In this run, it had to build a Docker container, which took 31 seconds, and these 31 seconds blocked the start of even the first step (checking out the repository).

Yuck, this is definitely sub-optimal. I think that even if we're 31 seconds slower than otherwise, users are probably still seeing the content faster than the would without this patch, since Cloudflare's own caches likely have a TTL which is longer than 31 seconds.

But I dislike the idea that we're spending that much CPU time to build a Docker container which could be replaced with a simple cURL invocation. So I opened up #1896, which should implement your helpful suggestion.

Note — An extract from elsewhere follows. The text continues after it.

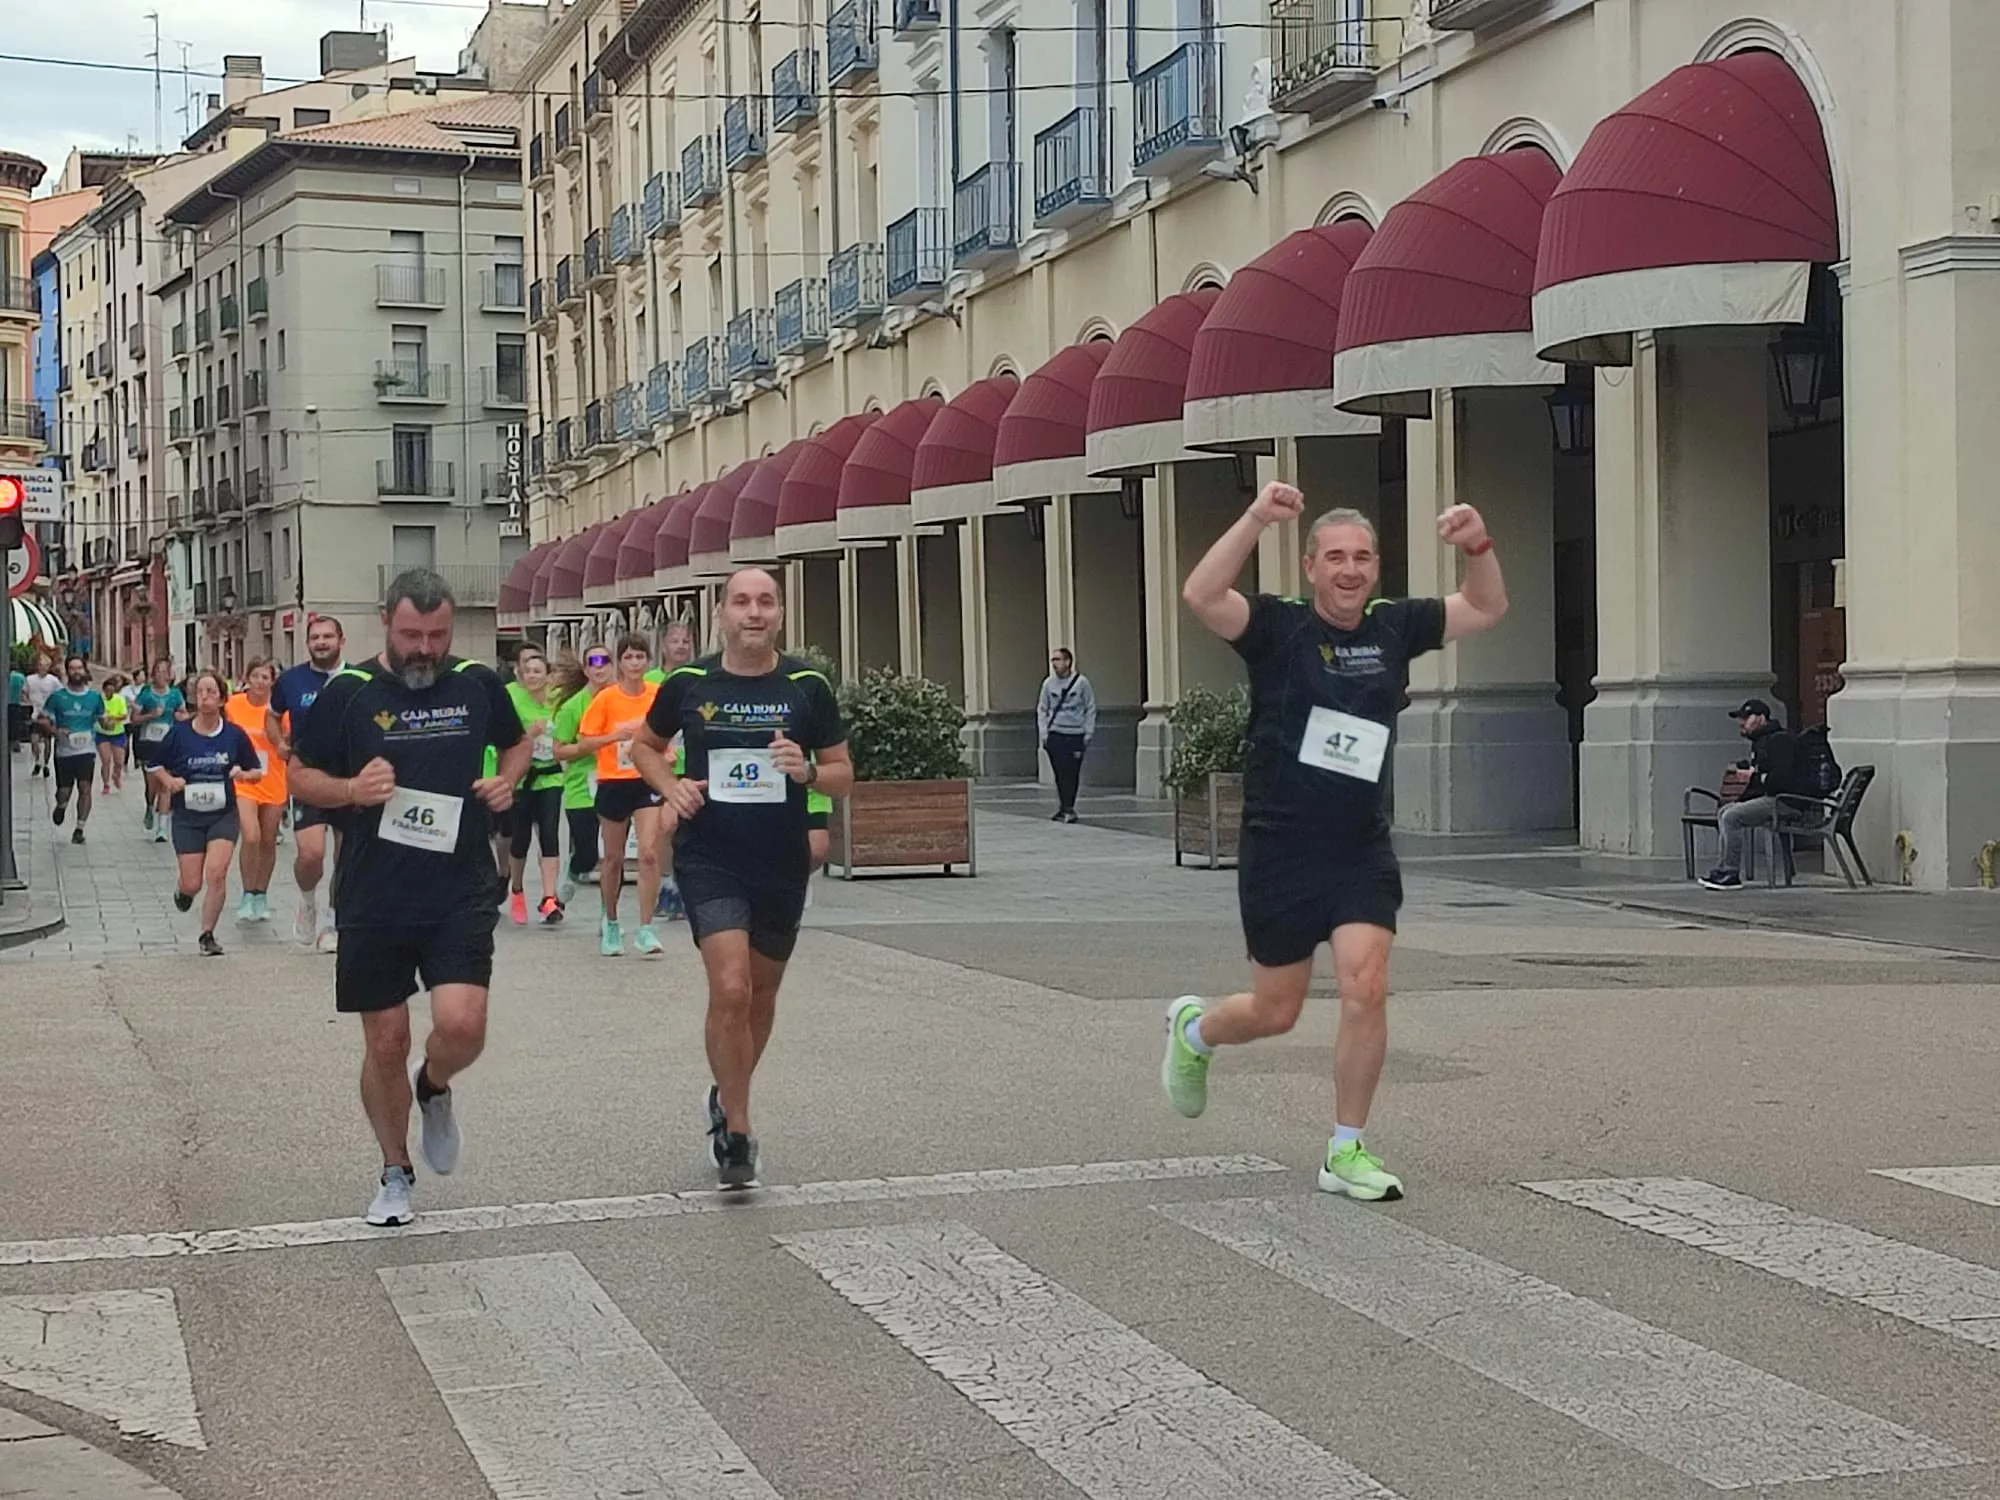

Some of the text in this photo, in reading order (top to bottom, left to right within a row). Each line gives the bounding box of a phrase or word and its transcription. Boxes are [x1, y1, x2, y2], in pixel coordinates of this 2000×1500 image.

Thank you! 🙇‍♂️

ttaylorr added a commit that referenced this pull request Oct 4, 2024
As pointed out in [1], using the cloudflare-purge-action incurs a ~31
second penalty at the start of the "deploy" action, where time is spent
building a Docker container to run the action.

This is unnecessary, since Cloudflare has a straightforward REST API
that we can use cURL to communicate with directly, without the extra
start-up cost.

Let's do that instead, and move this to run in the
deploy-to-github-pages action, which is run from multiple entry points,
all of which will want to purge the Cloudflare caches upon deployment.

[1]: #1893 (comment)

Signed-off-by: Taylor Blau <me@ttaylorr.com>
ttaylorr added a commit that referenced this pull request Oct 4, 2024
As pointed out in [1], using the cloudflare-purge-action incurs a ~31
second penalty at the start of the "deploy" action, where time is spent
building a Docker container to run the action.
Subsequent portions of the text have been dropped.